Yemenite Art in Israel
I am in a workshop in Artist’s colony at old Jaffa and in front of me is an 8th generation silversmith from a Yemenite Jewish family, deeply engrossed in creating a masterpiece from sterling silver. Holding the delicate tools his hands work on a fine piece of jewelry.
That’s Ben Zion David. His handmade ethnic traditional Yemenite filigree jewelry and Judaica has loads of history to it.
Although making jewelry from gold or goldsmithing (if that is a word) goes back generations among the Jewish community in Yemen, most Yemenites were stripped of their ability to continue their work when they arrived in Israel. The few who remained in the profession watched as their work lost its meaning in Israeli-tzabar culture.
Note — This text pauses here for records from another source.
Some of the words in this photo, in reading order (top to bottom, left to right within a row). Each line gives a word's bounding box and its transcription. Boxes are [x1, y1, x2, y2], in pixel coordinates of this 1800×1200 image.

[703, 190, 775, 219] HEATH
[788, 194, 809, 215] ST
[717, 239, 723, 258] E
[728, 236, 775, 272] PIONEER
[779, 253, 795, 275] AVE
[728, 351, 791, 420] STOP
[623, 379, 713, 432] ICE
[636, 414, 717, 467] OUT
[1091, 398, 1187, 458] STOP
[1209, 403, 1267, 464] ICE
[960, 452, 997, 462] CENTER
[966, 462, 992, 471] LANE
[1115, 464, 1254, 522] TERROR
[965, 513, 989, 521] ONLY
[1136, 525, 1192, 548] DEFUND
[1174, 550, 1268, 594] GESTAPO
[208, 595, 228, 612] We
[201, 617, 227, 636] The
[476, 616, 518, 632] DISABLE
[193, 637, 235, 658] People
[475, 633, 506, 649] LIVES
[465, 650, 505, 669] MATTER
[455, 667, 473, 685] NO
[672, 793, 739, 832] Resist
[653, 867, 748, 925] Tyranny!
Like many who came from Yemen, the patriarchs of the family were not allowed to bring their tools to Israel. The women’s jewelry was buried in the sands of Aden. Those who did bring their tools and jewelry did not get them back upon alighting from the plane. Many Yemenite immigrants feel the lack of those tools led to their desperate situation upon arriving in Israel. These goldsmiths were used to the social mobility that accompanied this profession.
In Israel, in the transit camps for Jewish immigrants and later in permanent towns, they were forced to work in agriculture and construction area. Hunger makes one do everything, many were not able to break from this route and never returned to their original profession.
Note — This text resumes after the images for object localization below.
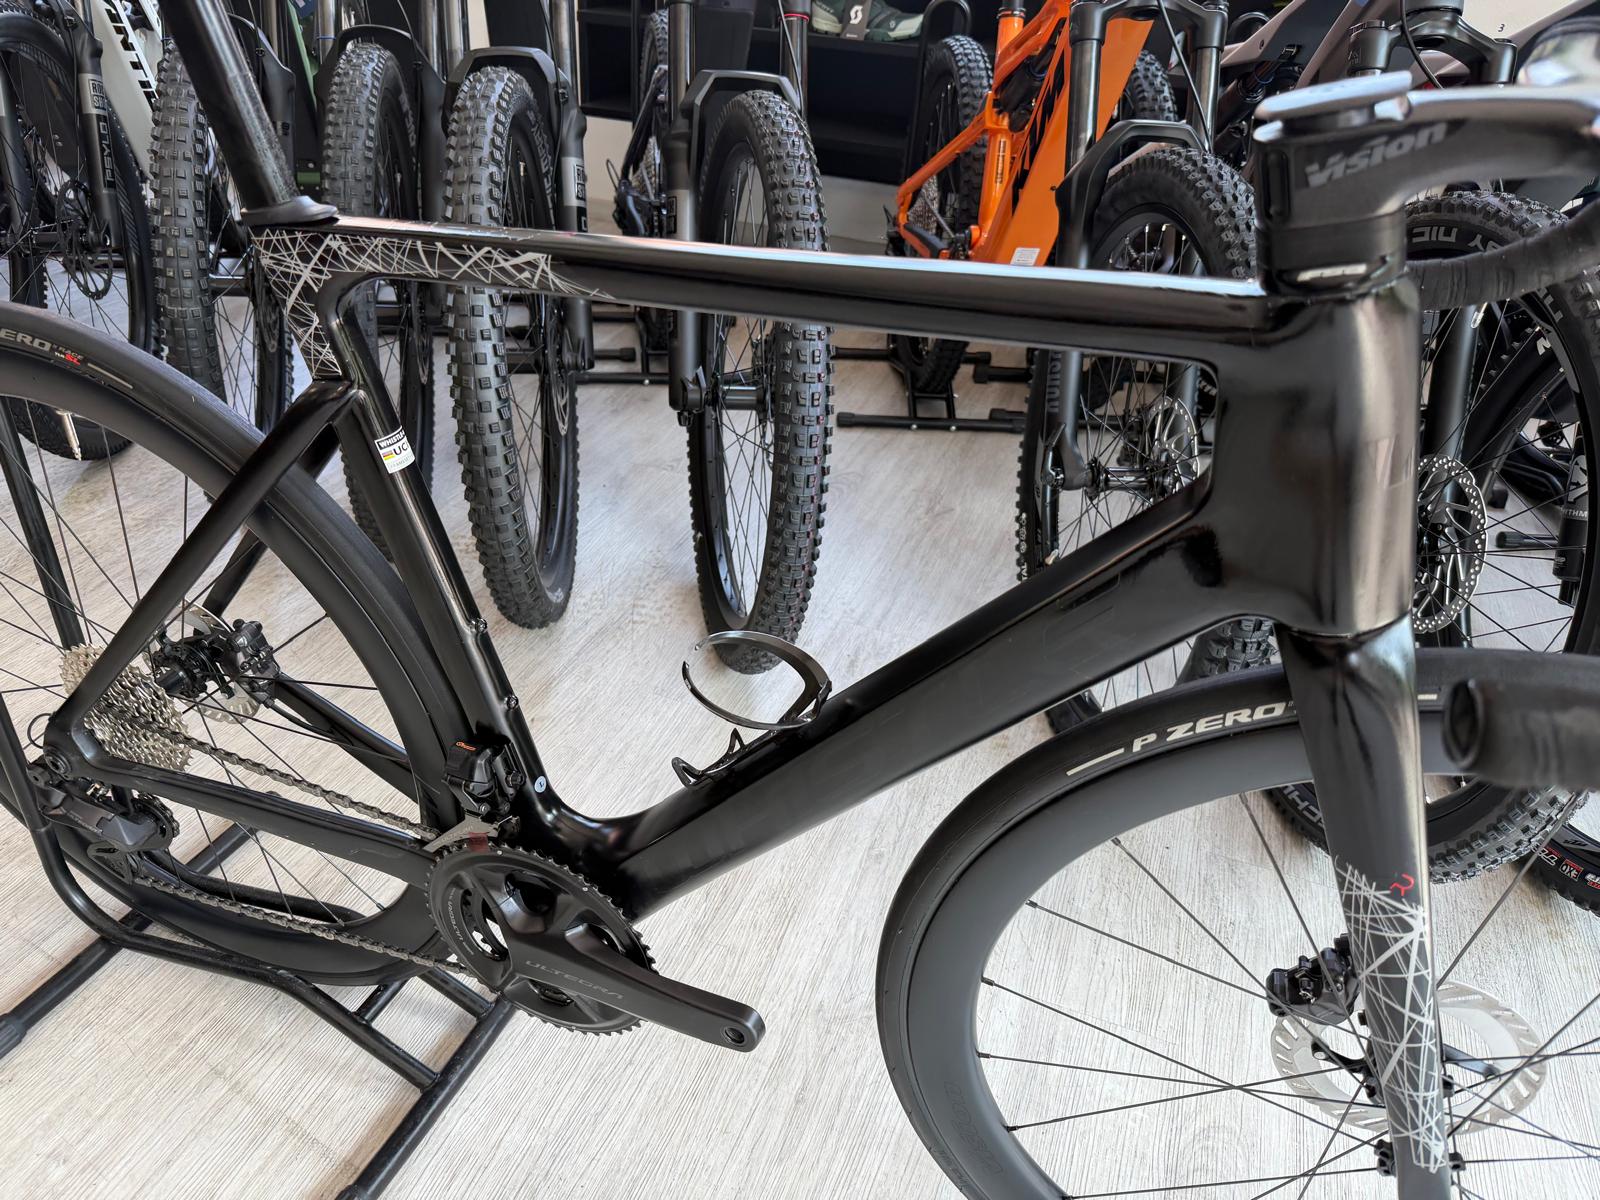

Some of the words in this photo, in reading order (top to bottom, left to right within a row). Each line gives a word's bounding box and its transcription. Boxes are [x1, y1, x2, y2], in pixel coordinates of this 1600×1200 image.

[100, 121, 115, 181] PSYLO
[1304, 122, 1448, 188] Vision
[1411, 226, 1458, 244] NIC
[1132, 733, 1157, 753] P
[1166, 701, 1287, 742] ZERO
[525, 960, 625, 1000] ULTEGRA
Very few people from Yemen were able to bring their tools along with them by concealing and continued their work in Israel. But whether they were independent or employed, these goldsmiths were resigned to adapt to the reality. Thus, it lost its symbolic connection to the culture which created it.
If somebody wore the original crafted jewelry or embroidered pants, it was considered primitive.
Ben Zion David
Coming back to Ben-Zion David’s workshop where you can find handcrafted 925 sterling silver tribal antique jewelry combining traditional craftsmanship and integrating modern fashion trends with ancient arabesque look.
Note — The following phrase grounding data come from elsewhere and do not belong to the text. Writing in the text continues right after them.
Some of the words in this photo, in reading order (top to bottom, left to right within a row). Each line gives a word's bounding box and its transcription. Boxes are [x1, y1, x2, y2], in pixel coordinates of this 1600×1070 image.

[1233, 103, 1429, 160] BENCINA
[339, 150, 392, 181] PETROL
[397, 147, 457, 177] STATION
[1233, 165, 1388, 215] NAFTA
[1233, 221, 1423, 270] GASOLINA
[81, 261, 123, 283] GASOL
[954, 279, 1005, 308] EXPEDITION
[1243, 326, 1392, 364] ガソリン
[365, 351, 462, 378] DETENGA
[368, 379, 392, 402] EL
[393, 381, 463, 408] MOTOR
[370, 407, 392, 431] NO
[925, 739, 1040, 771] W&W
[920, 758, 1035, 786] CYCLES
Entering Ben-Zion David’s workshop is an experience which promises a welcoming surprise. The collection includes vintage Yemenite style jewelry inlaid with semi-precious stones and roman glass & coins, earrings, necklaces, pins & pendants, bracelets, rings, and Judaica from Israel.
He is one of the very few Yemenite filigree silversmiths today and his works evoke great interest and demand. The Gallery displays his unique Judaica pieces and stunning handmade silver jewelry. The disappearing secrets of Yemenite filigree are revealed.
The workshop is also open to public and adjacent to it is the Museum of Yemenite Culture and Art established by Ben Zion David. It which preserves his cultural heritage. The complex is located within an 18th-century Ottoman building.
The visit provides a unique experience .Yemeni coffee and dates are offered to all visitors. A short video is also available for viewing. Visitors can even participate in workshops and master classes … weaving strands of silver, Yemenite embroidery, grinding spices or basket weaving, by appointment.